__Work request__
Strip out the pictures and output each remaining line of the data word for word.

__Information provided__
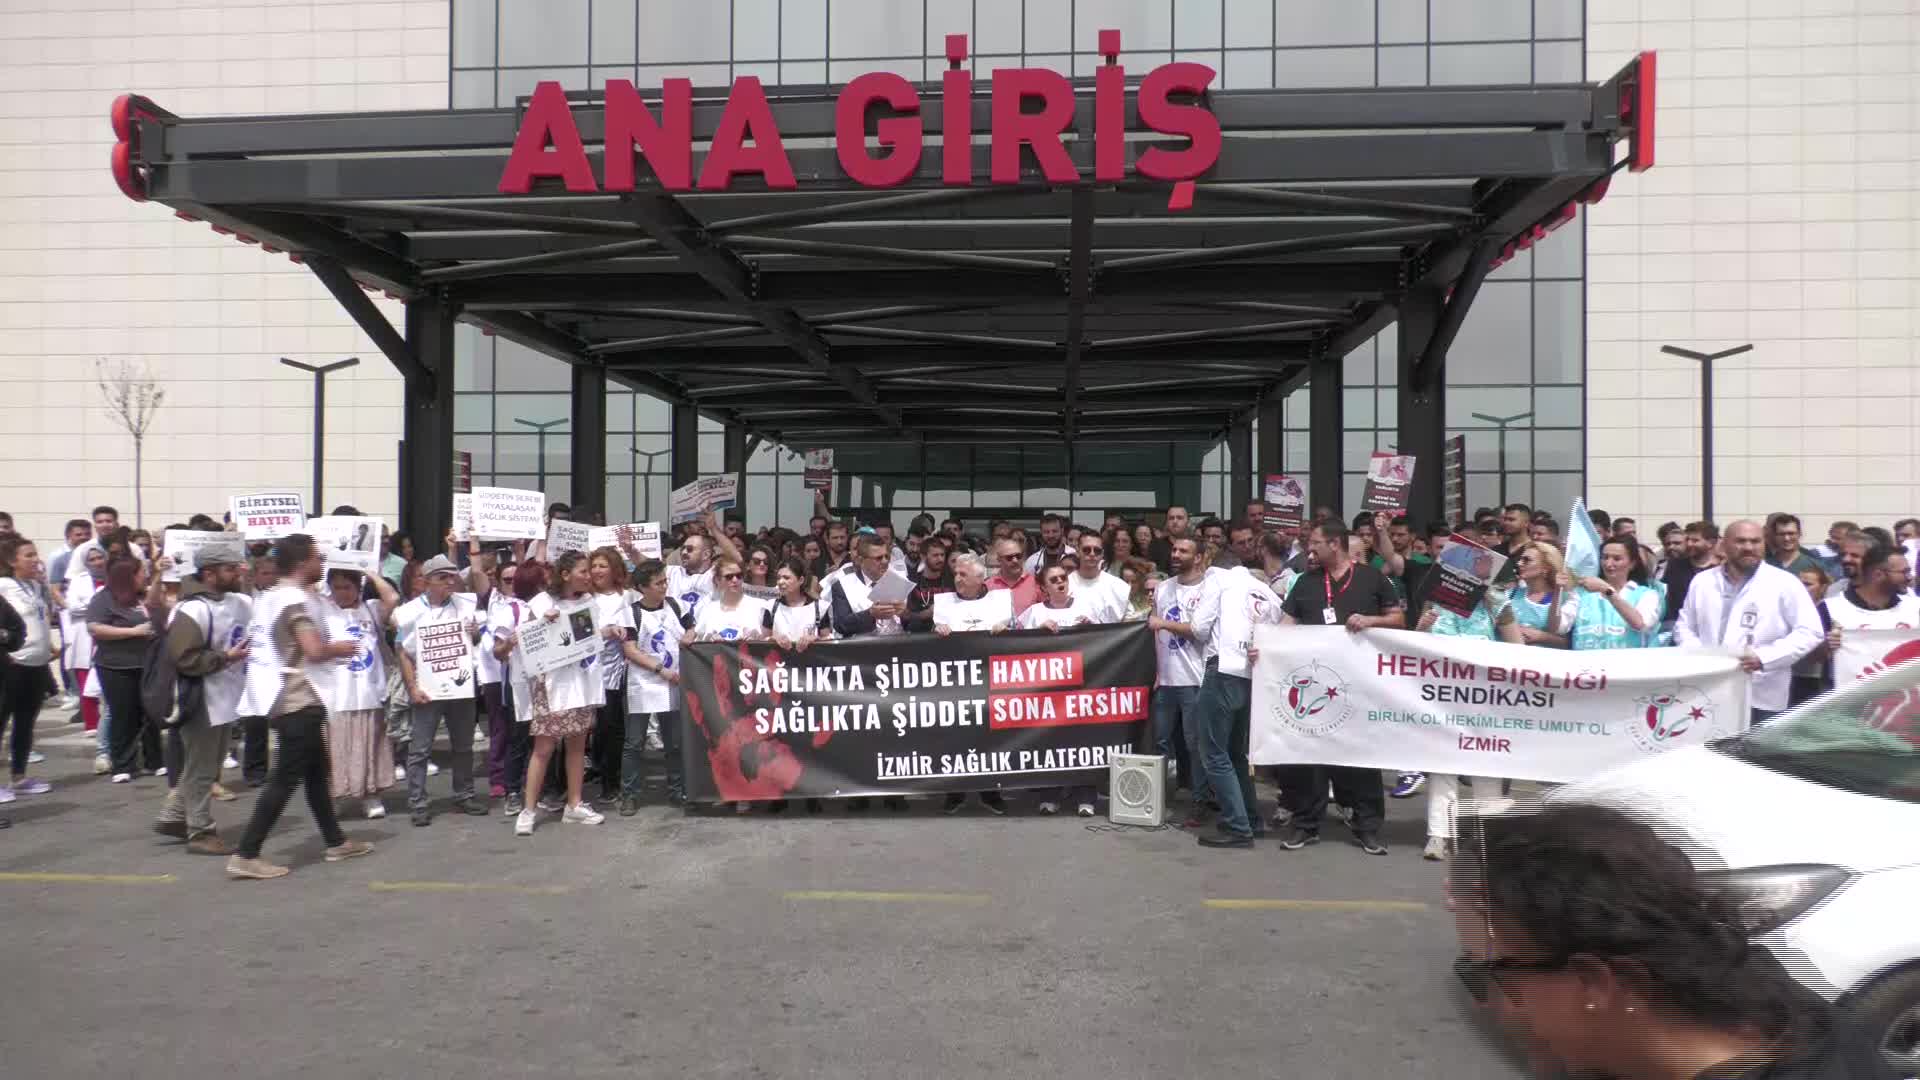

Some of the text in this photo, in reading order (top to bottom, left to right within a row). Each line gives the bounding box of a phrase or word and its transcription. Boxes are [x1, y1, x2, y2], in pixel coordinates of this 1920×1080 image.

[498, 29, 1221, 209] ANA GİRİŞ
[423, 635, 461, 648] VARSA
[739, 656, 1073, 697] SAĞLIKTA ŞİDDETE HAYIR!
[1377, 653, 1475, 681] HEKİM
[1420, 684, 1554, 708] SENDİKASI
[755, 687, 1142, 737] SAĞLIKTA ŞİDDET SONA ERSİN!
[1420, 713, 1441, 725] OL
[1539, 719, 1585, 732] UMUT
[1588, 723, 1611, 736] OL
[1458, 733, 1511, 752] İZMİR
[877, 751, 933, 777] İZMİR
[940, 748, 1012, 774] SAĞLIK

__Your response__
Some of the text in this photo, in reading order (top to bottom, left to right within a row). Each line gives the bounding box of a phrase or word and its transcription. Boxes are [x1, y1, x2, y2], in pixel coordinates of this 1920×1080 image.

[498, 29, 1221, 209] ANA GİRİŞ
[423, 635, 461, 648] VARSA
[739, 656, 1073, 697] SAĞLIKTA ŞİDDETE HAYIR!
[1377, 653, 1475, 681] HEKİM
[1420, 684, 1554, 708] SENDİKASI
[755, 687, 1142, 737] SAĞLIKTA ŞİDDET SONA ERSİN!
[1420, 713, 1441, 725] OL
[1539, 719, 1585, 732] UMUT
[1588, 723, 1611, 736] OL
[1458, 733, 1511, 752] İZMİR
[877, 751, 933, 777] İZMİR
[940, 748, 1012, 774] SAĞLIK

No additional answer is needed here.